Olympic failure is part of what we are

LockerRoom: Another Olympics and all over bar the blamefest

LockerRoom: Another Olympics and all over bar the blamefest. Even Tony O'Reilly winning a gold medal right there at the end isn't going to be enough to spare us from the mud slinging which has become a ritual part of our quadrennial humiliations.

So let's wade right in. It's not Pat Hickey's fault. It's not John Treacy's fault. It's the fault of our culture. This Olympics saw a few personal bests in bellyaching. Why not? Sure it's part of what we are.

Lordee.
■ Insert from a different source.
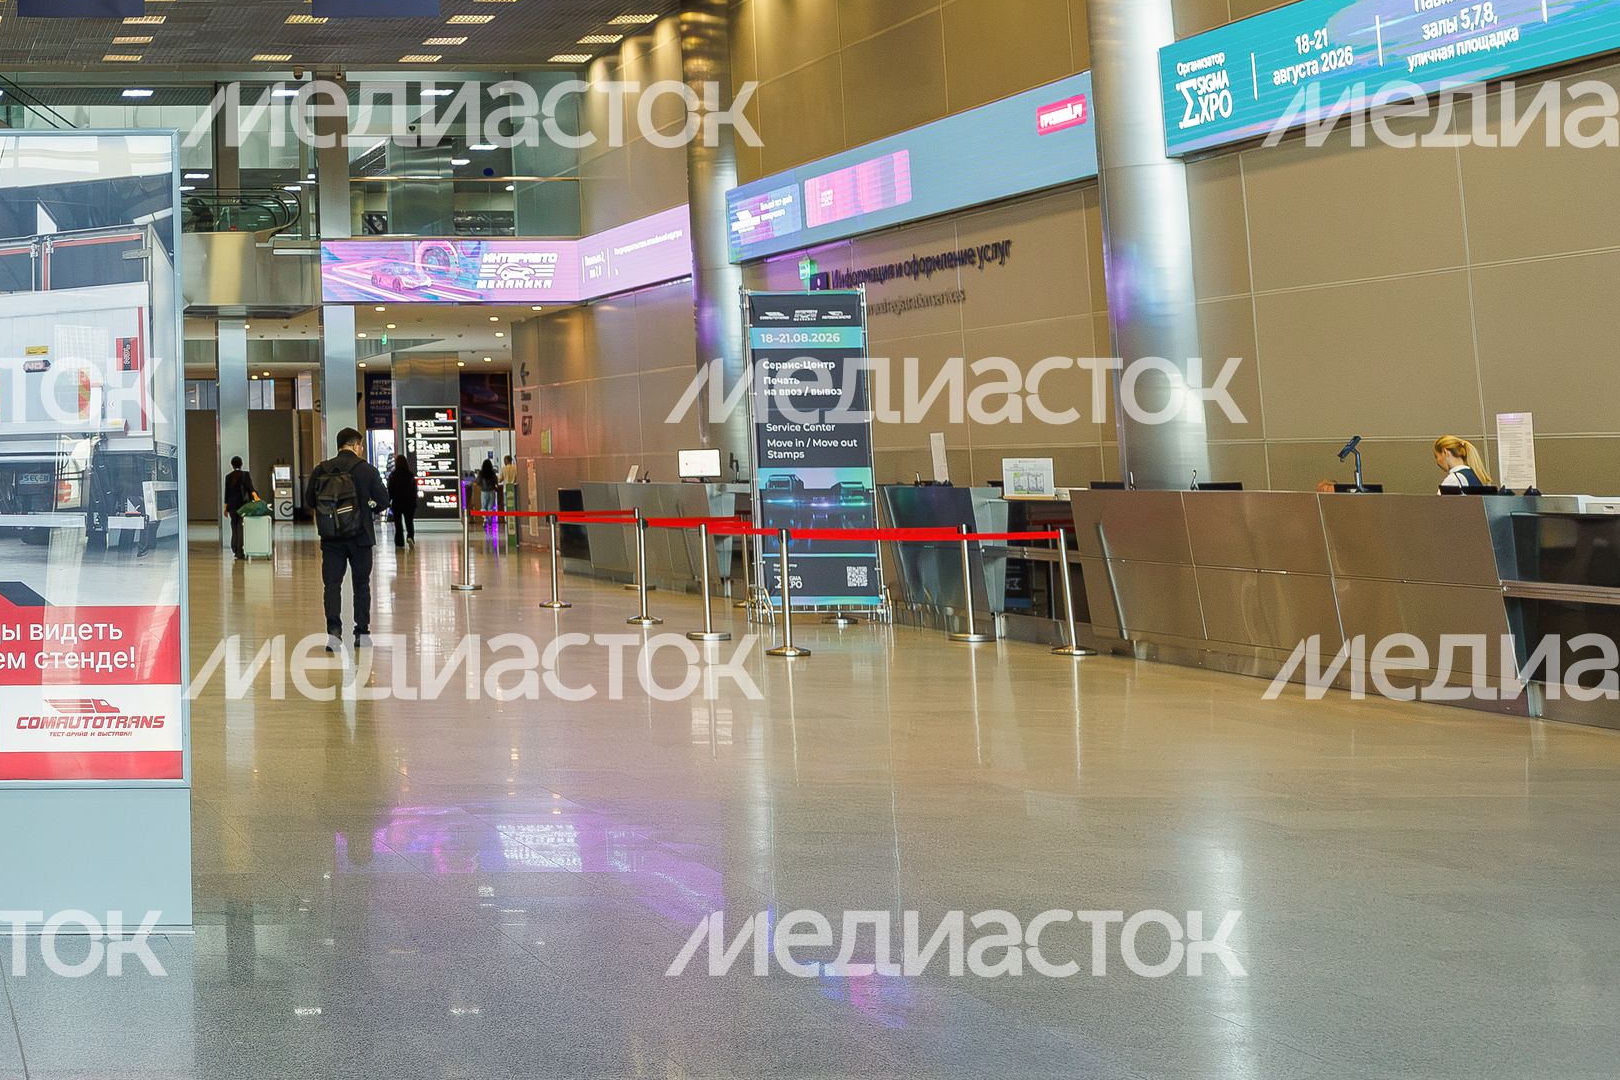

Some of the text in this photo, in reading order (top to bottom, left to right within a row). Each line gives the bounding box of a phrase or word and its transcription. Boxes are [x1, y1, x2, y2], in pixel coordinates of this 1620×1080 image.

So much weeping, wailing and gnashing of teeth over the Olympic Council of Ireland shifting the closing date for reaching the qualifying standards for Athens. Mark Carroll (in admiration of whom I bow to no man) spoke about a pyramid and there being only one peak in the pyramid and the OCI by shifting the date for qualification forward a little were requiring two peaks, which is impossible.

Well, I don't know. What about two pyramids? The qualifying period for getting the A or B standard for the Games ran from January 1st, 2003, to August 9th, 2004. A modest pyramid peak in the spring or summer or autumn of 2003 would have done just fine. It's not as though the most ballyhooed event in sport comes up on its would-be participants by stealth.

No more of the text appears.